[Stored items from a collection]
• • • •
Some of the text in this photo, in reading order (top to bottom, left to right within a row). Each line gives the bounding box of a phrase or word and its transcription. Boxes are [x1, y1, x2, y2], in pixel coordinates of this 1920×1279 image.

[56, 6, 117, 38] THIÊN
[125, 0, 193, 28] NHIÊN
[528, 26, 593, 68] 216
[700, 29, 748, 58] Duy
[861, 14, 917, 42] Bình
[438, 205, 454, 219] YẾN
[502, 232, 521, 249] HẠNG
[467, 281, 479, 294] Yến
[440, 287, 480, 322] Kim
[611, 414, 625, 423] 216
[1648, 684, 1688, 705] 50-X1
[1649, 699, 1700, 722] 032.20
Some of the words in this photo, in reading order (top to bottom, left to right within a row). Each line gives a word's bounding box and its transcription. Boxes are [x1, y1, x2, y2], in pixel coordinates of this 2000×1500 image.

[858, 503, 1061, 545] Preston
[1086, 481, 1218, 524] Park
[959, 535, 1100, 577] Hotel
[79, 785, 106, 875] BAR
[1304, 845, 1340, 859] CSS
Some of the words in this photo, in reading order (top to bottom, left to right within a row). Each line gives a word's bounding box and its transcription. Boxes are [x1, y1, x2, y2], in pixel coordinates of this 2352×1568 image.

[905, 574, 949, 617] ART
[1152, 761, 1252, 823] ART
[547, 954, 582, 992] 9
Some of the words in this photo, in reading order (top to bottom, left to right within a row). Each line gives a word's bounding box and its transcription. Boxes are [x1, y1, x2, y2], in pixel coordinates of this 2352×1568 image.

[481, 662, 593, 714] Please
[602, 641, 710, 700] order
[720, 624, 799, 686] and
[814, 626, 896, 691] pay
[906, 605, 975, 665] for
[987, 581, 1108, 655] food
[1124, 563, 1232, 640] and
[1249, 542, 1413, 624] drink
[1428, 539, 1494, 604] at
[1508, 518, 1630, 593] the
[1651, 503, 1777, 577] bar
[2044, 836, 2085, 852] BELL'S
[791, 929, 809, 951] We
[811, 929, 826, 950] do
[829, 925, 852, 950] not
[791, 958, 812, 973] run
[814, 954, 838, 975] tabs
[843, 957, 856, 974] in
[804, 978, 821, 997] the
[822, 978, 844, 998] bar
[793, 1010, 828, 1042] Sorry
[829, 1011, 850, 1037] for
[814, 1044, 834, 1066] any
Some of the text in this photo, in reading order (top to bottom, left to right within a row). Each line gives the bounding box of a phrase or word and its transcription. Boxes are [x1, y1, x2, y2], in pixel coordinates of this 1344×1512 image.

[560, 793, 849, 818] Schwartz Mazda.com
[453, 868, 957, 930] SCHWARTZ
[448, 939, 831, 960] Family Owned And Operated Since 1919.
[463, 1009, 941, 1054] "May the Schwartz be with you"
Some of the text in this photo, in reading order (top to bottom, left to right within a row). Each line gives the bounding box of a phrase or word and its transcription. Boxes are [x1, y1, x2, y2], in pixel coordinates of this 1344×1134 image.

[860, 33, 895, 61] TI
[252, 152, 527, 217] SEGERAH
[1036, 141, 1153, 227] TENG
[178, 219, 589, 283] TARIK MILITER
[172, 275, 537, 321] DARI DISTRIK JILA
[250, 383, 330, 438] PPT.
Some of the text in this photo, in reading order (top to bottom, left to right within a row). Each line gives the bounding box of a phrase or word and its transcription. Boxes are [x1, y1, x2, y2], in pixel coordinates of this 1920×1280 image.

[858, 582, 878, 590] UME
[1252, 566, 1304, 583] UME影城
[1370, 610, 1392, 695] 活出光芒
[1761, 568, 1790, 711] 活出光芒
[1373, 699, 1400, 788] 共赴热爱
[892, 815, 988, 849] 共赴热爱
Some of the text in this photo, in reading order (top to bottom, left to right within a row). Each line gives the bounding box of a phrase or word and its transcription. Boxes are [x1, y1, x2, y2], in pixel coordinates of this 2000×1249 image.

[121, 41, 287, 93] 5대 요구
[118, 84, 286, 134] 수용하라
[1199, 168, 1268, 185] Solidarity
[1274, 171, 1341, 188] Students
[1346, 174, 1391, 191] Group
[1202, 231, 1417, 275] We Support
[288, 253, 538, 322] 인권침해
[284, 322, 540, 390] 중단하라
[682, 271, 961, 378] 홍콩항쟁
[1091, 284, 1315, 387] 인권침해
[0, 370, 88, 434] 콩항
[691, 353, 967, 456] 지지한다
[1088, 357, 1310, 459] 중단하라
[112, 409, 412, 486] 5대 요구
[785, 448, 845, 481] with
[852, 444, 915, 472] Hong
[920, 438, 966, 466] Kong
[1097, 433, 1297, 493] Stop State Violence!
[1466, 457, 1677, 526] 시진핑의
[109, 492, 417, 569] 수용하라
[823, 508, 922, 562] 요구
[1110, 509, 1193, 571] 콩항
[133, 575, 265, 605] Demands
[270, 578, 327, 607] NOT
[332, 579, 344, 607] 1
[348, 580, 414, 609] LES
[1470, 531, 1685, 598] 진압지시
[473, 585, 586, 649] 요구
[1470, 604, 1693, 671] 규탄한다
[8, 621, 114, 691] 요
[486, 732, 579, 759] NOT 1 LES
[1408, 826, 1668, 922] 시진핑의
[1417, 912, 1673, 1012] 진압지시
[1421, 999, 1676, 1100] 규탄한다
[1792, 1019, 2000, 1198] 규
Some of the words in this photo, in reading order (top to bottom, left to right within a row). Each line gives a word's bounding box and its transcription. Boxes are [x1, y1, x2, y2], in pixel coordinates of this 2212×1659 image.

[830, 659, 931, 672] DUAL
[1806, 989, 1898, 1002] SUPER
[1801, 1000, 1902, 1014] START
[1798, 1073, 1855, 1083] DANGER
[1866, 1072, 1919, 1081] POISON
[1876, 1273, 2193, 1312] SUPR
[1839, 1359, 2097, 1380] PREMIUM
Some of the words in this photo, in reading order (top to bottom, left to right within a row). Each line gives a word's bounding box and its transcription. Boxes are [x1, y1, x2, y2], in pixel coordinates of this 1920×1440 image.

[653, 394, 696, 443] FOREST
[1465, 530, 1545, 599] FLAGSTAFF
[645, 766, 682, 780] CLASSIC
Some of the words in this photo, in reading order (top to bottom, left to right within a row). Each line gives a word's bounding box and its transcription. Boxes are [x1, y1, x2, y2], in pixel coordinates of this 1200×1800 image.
• • • •
## WHAT IS EXPECTED
Every record is to be repeated exactly as it stands above.

## ANSWER AREA
Some of the text in this photo, in reading order (top to bottom, left to right within a row). Each line gives the bounding box of a phrase or word and its transcription. Boxes are [x1, y1, x2, y2], in pixel coordinates of this 1920×1279 image.

[56, 6, 117, 38] THIÊN
[125, 0, 193, 28] NHIÊN
[528, 26, 593, 68] 216
[700, 29, 748, 58] Duy
[861, 14, 917, 42] Bình
[438, 205, 454, 219] YẾN
[502, 232, 521, 249] HẠNG
[467, 281, 479, 294] Yến
[440, 287, 480, 322] Kim
[611, 414, 625, 423] 216
[1648, 684, 1688, 705] 50-X1
[1649, 699, 1700, 722] 032.20
Some of the words in this photo, in reading order (top to bottom, left to right within a row). Each line gives a word's bounding box and its transcription. Boxes are [x1, y1, x2, y2], in pixel coordinates of this 2000×1500 image.

[858, 503, 1061, 545] Preston
[1086, 481, 1218, 524] Park
[959, 535, 1100, 577] Hotel
[79, 785, 106, 875] BAR
[1304, 845, 1340, 859] CSS
Some of the words in this photo, in reading order (top to bottom, left to right within a row). Each line gives a word's bounding box and its transcription. Boxes are [x1, y1, x2, y2], in pixel coordinates of this 2352×1568 image.

[905, 574, 949, 617] ART
[1152, 761, 1252, 823] ART
[547, 954, 582, 992] 9
Some of the words in this photo, in reading order (top to bottom, left to right within a row). Each line gives a word's bounding box and its transcription. Boxes are [x1, y1, x2, y2], in pixel coordinates of this 2352×1568 image.

[481, 662, 593, 714] Please
[602, 641, 710, 700] order
[720, 624, 799, 686] and
[814, 626, 896, 691] pay
[906, 605, 975, 665] for
[987, 581, 1108, 655] food
[1124, 563, 1232, 640] and
[1249, 542, 1413, 624] drink
[1428, 539, 1494, 604] at
[1508, 518, 1630, 593] the
[1651, 503, 1777, 577] bar
[2044, 836, 2085, 852] BELL'S
[791, 929, 809, 951] We
[811, 929, 826, 950] do
[829, 925, 852, 950] not
[791, 958, 812, 973] run
[814, 954, 838, 975] tabs
[843, 957, 856, 974] in
[804, 978, 821, 997] the
[822, 978, 844, 998] bar
[793, 1010, 828, 1042] Sorry
[829, 1011, 850, 1037] for
[814, 1044, 834, 1066] any
Some of the text in this photo, in reading order (top to bottom, left to right within a row). Each line gives the bounding box of a phrase or word and its transcription. Boxes are [x1, y1, x2, y2], in pixel coordinates of this 1344×1512 image.

[560, 793, 849, 818] Schwartz Mazda.com
[453, 868, 957, 930] SCHWARTZ
[448, 939, 831, 960] Family Owned And Operated Since 1919.
[463, 1009, 941, 1054] "May the Schwartz be with you"
Some of the text in this photo, in reading order (top to bottom, left to right within a row). Each line gives the bounding box of a phrase or word and its transcription. Boxes are [x1, y1, x2, y2], in pixel coordinates of this 1344×1134 image.

[860, 33, 895, 61] TI
[252, 152, 527, 217] SEGERAH
[1036, 141, 1153, 227] TENG
[178, 219, 589, 283] TARIK MILITER
[172, 275, 537, 321] DARI DISTRIK JILA
[250, 383, 330, 438] PPT.
Some of the text in this photo, in reading order (top to bottom, left to right within a row). Each line gives the bounding box of a phrase or word and its transcription. Boxes are [x1, y1, x2, y2], in pixel coordinates of this 1920×1280 image.

[858, 582, 878, 590] UME
[1252, 566, 1304, 583] UME影城
[1370, 610, 1392, 695] 活出光芒
[1761, 568, 1790, 711] 活出光芒
[1373, 699, 1400, 788] 共赴热爱
[892, 815, 988, 849] 共赴热爱
Some of the text in this photo, in reading order (top to bottom, left to right within a row). Each line gives the bounding box of a phrase or word and its transcription. Boxes are [x1, y1, x2, y2], in pixel coordinates of this 2000×1249 image.

[121, 41, 287, 93] 5대 요구
[118, 84, 286, 134] 수용하라
[1199, 168, 1268, 185] Solidarity
[1274, 171, 1341, 188] Students
[1346, 174, 1391, 191] Group
[1202, 231, 1417, 275] We Support
[288, 253, 538, 322] 인권침해
[284, 322, 540, 390] 중단하라
[682, 271, 961, 378] 홍콩항쟁
[1091, 284, 1315, 387] 인권침해
[0, 370, 88, 434] 콩항
[691, 353, 967, 456] 지지한다
[1088, 357, 1310, 459] 중단하라
[112, 409, 412, 486] 5대 요구
[785, 448, 845, 481] with
[852, 444, 915, 472] Hong
[920, 438, 966, 466] Kong
[1097, 433, 1297, 493] Stop State Violence!
[1466, 457, 1677, 526] 시진핑의
[109, 492, 417, 569] 수용하라
[823, 508, 922, 562] 요구
[1110, 509, 1193, 571] 콩항
[133, 575, 265, 605] Demands
[270, 578, 327, 607] NOT
[332, 579, 344, 607] 1
[348, 580, 414, 609] LES
[1470, 531, 1685, 598] 진압지시
[473, 585, 586, 649] 요구
[1470, 604, 1693, 671] 규탄한다
[8, 621, 114, 691] 요
[486, 732, 579, 759] NOT 1 LES
[1408, 826, 1668, 922] 시진핑의
[1417, 912, 1673, 1012] 진압지시
[1421, 999, 1676, 1100] 규탄한다
[1792, 1019, 2000, 1198] 규
Some of the words in this photo, in reading order (top to bottom, left to right within a row). Each line gives a word's bounding box and its transcription. Boxes are [x1, y1, x2, y2], in pixel coordinates of this 2212×1659 image.

[830, 659, 931, 672] DUAL
[1806, 989, 1898, 1002] SUPER
[1801, 1000, 1902, 1014] START
[1798, 1073, 1855, 1083] DANGER
[1866, 1072, 1919, 1081] POISON
[1876, 1273, 2193, 1312] SUPR
[1839, 1359, 2097, 1380] PREMIUM
Some of the words in this photo, in reading order (top to bottom, left to right within a row). Each line gives a word's bounding box and its transcription. Boxes are [x1, y1, x2, y2], in pixel coordinates of this 1920×1440 image.

[653, 394, 696, 443] FOREST
[1465, 530, 1545, 599] FLAGSTAFF
[645, 766, 682, 780] CLASSIC
Some of the words in this photo, in reading order (top to bottom, left to right within a row). Each line gives a word's bounding box and its transcription. Boxes are [x1, y1, x2, y2], in pixel coordinates of this 1200×1800 image.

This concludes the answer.